Graph into the future: GDP vs. Energy/Resource intensity, eventually crossing the line where the GDP is generated within the "Sustainable Harvest" numbers. This is obviously going to be a "Wild Ass Guess" chart, but the goal is to communicate "This is sustainability -- where the entire environmental impact of the Human Race falls below the Sustainable Harvest thresholds of the earth."
Now, at that point, give the kids a breather. Shellshock is not an improbable reaction to thinking on this scale, but without it, environmentalism is a meaningless optimization: reducing CO2 by 20% means nothing, at all, outside of the context of a *goal* which is zero emissions -- it has to be progress towards a climate-neutral state to be meaningful. Without a goal, it's just arbitrary action to sooth the conscience of the world, rather than fixing the problem, which is that we are destroying our ecological support structures.
So, give 'em a break. Play some Mahler or some Nirvana, hit the mental reset switches.

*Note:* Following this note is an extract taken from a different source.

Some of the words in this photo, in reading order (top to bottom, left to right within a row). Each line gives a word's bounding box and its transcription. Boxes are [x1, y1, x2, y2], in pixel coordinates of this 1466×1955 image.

Then spend 20 minutes talking about success stories: hybrid car adoption, wind power and the like. Let them walk out with the feeling that there is good money to be made solving the problem.
Topics not to touch: India, China and growth of consumption in the developing world, toxic waste accumulation, etc. Just ... let it slide.

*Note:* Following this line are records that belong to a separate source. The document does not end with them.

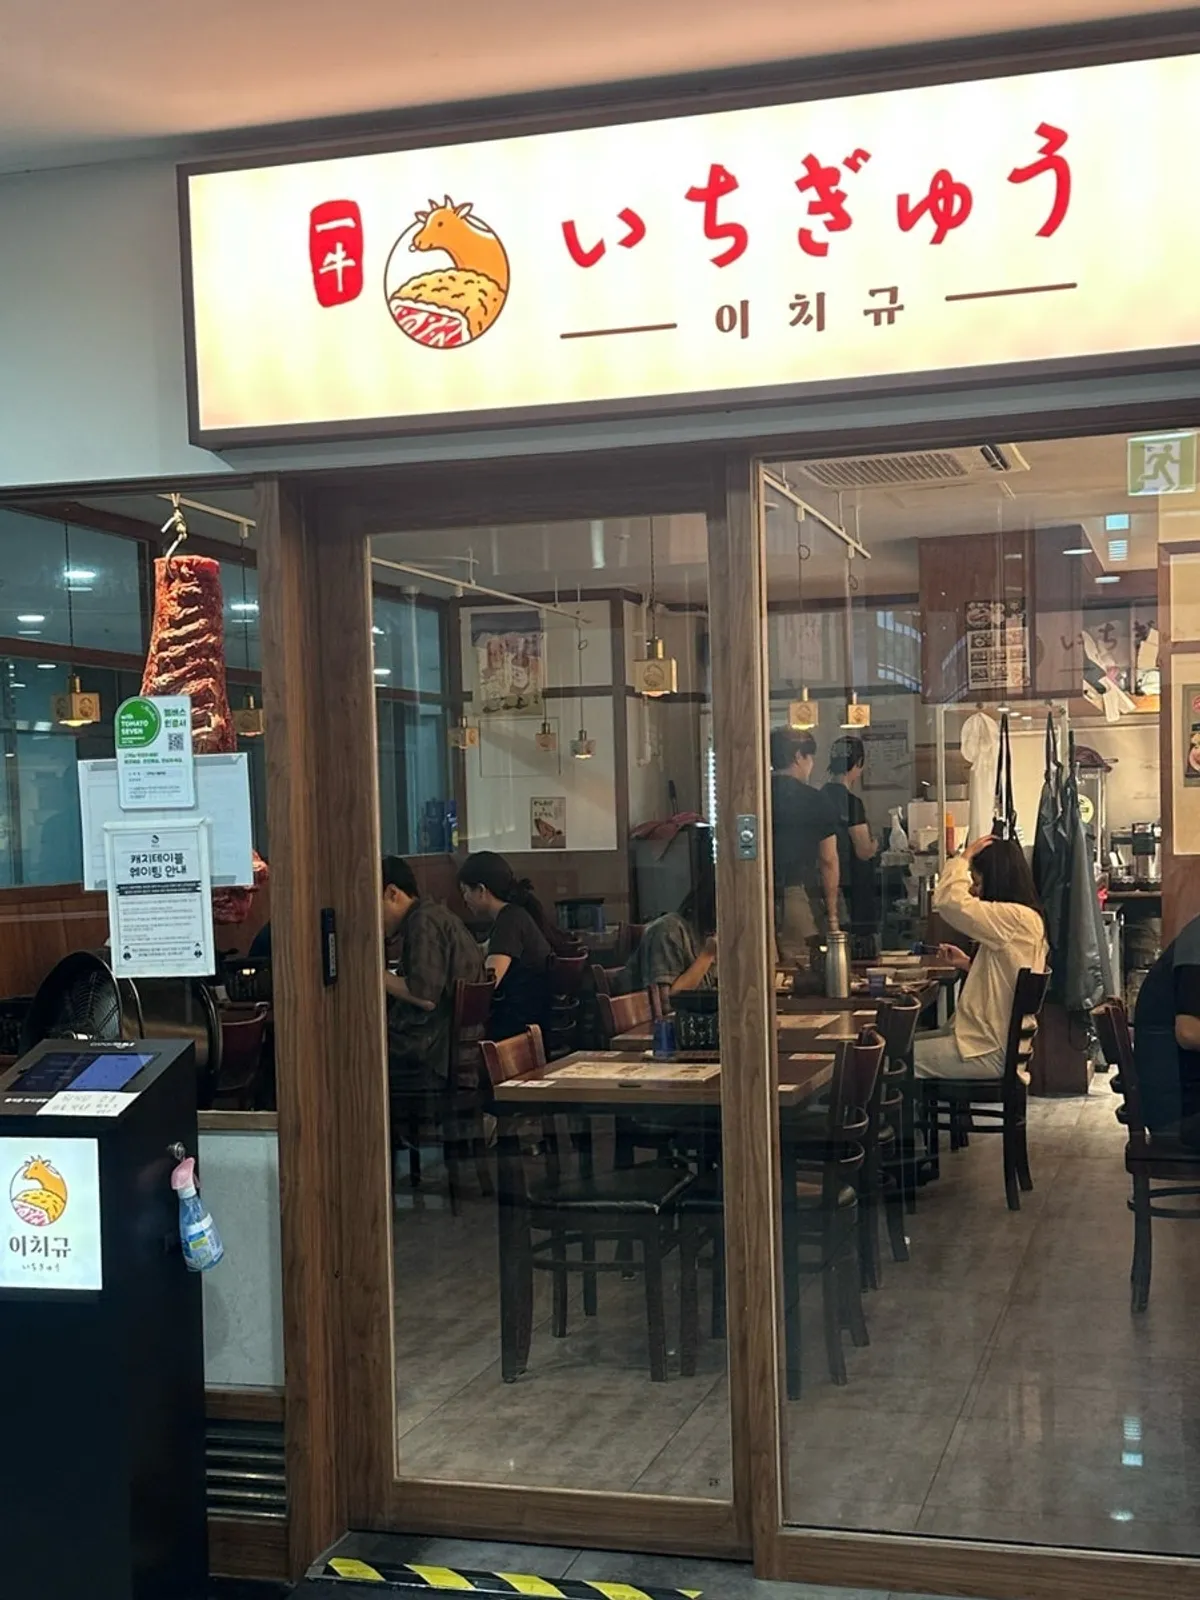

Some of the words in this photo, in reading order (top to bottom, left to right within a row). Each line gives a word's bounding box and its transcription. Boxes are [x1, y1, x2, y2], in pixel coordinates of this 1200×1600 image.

[562, 122, 1071, 268] いちぎゅう
[315, 217, 356, 293] 一牛
[121, 719, 149, 727] TOMATO
[121, 727, 143, 735] SEVEN
[130, 853, 184, 864] 캐치테이블
[164, 865, 187, 877] 안내
[9, 1235, 71, 1258] 이치규
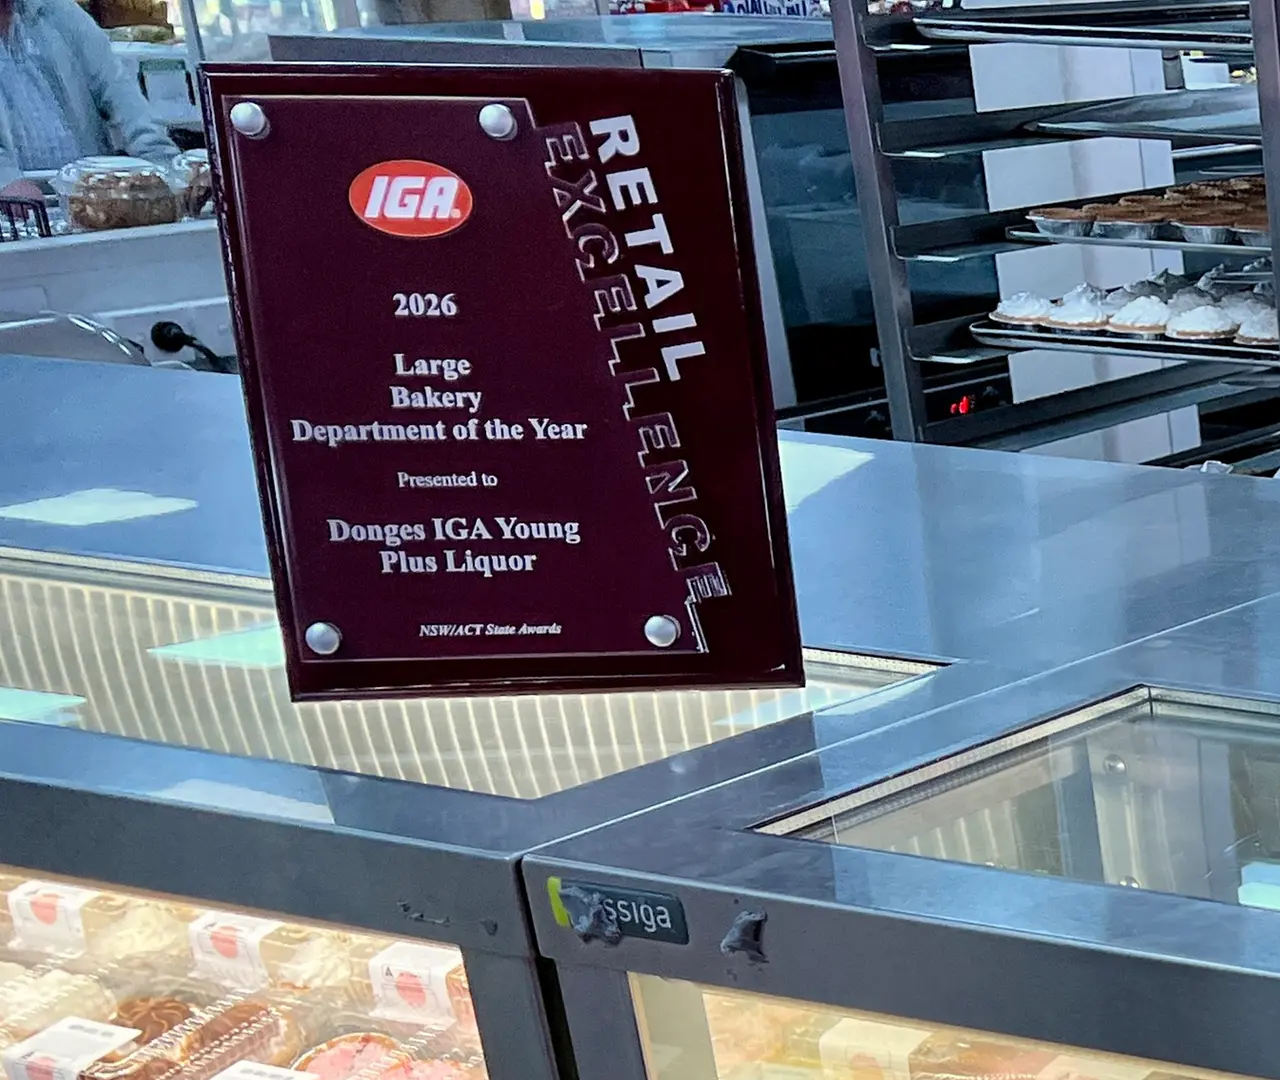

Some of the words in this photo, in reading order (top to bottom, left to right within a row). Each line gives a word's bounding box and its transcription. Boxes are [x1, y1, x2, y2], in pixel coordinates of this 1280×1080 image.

[364, 176, 460, 218] IGA
[588, 113, 706, 382] RETAIL
[392, 292, 458, 316] 2026
[394, 353, 472, 380] Large
[544, 121, 733, 599] EXCELLENCE
[390, 386, 482, 413] Bakery
[290, 419, 447, 448] Department
[452, 419, 479, 440] of
[485, 419, 524, 440] the
[528, 418, 588, 440] Year
[397, 471, 477, 487] Presented
[481, 473, 498, 487] to
[326, 519, 426, 547] Donges
[431, 517, 493, 540] IGA
[494, 517, 581, 544] Young
[379, 550, 437, 574] Plus
[443, 550, 537, 577] Liquor
[419, 623, 484, 637] NSW/ACT
[485, 623, 517, 636] State
[518, 623, 562, 635] Awards
[602, 898, 671, 932] ssiga

Those who are interested either know already or will find out soon enough. Those who aren't should walk away with one thing in their head: the GDP vs. Resource Intensity curve, and the idea that progress down that curve can be accelerated, at a profit, by intelligent business decision making. If *EVERYBODY* in that class walks out with the idea that "resource efficient business process are profitable and good for the planet," that's a success. Let the few motivated ones dig down to the next level, but get that basic message into every head.
I like this approach for a number of reasons. For starters, it looks at sustainability from a societal, even a planetary, perspective, without seeming abstract -- as opposed to looking at it from the standpoint of products or other "things." It also takes note of the fact that a lot of this stuff is just too damn complicated (global warming) or depressing (toxic waste accumulation) or overwhelming (the potential impacts of China or India) to deal with -- and, as a result, may not be worth touching on in this hourlong class. And I love the Mahler/Nirvana break to allow for some midcourse recovery time -- music to my ears!
Vinay's approach is also uplifting, which I think is critical. It communicates the notion that we can do better, and that profitable, resource-efficient businesses can lead the way. It leaves students with hope, maybe even excitement -- We can DO this!
And that may be the most important lesson of all.